• _About this task_:
Could you retype all of the entries exactly, without their pictures?

• _Collected data entries_:
■ ■ ■ ■ ■ ■ ■
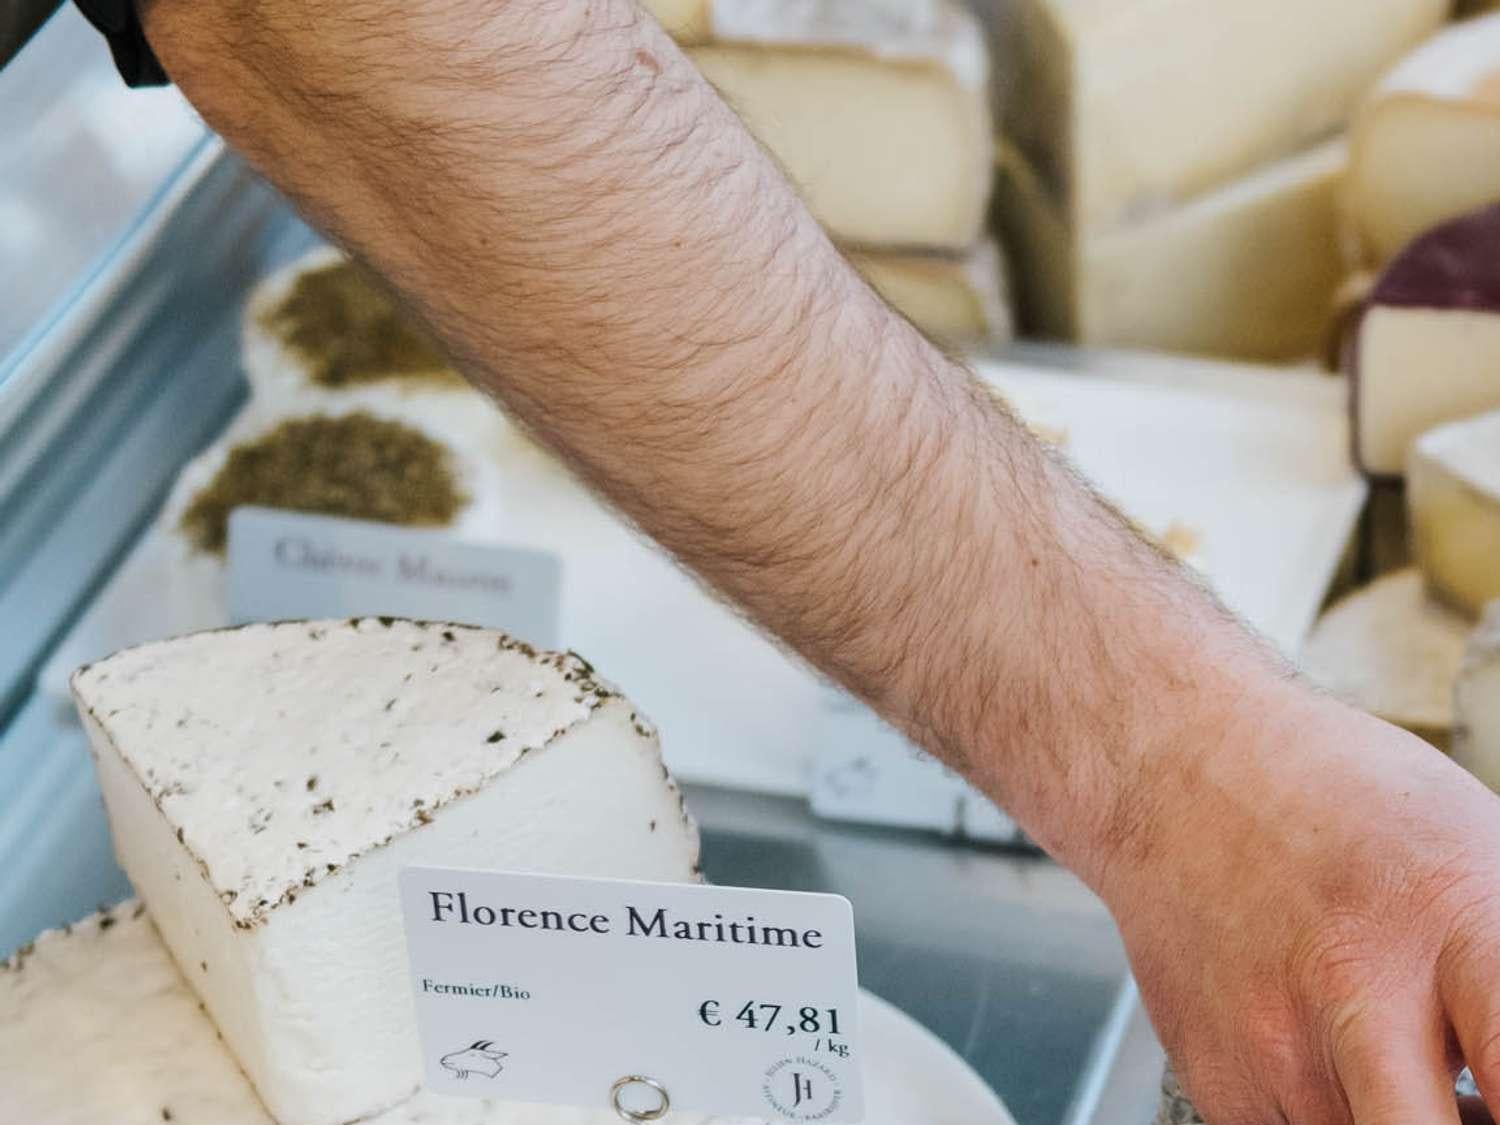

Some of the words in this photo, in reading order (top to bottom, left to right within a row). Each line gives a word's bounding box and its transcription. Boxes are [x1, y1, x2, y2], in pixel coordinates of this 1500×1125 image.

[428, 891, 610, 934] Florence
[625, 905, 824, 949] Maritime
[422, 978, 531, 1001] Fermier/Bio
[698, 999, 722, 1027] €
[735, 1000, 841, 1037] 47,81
■ ■ ■ ■ ■ ■ ■
• _Result for this exercise_:
Some of the words in this photo, in reading order (top to bottom, left to right within a row). Each line gives a word's bounding box and its transcription. Boxes are [x1, y1, x2, y2], in pixel coordinates of this 1500×1125 image.

[428, 891, 610, 934] Florence
[625, 905, 824, 949] Maritime
[422, 978, 531, 1001] Fermier/Bio
[698, 999, 722, 1027] €
[735, 1000, 841, 1037] 47,81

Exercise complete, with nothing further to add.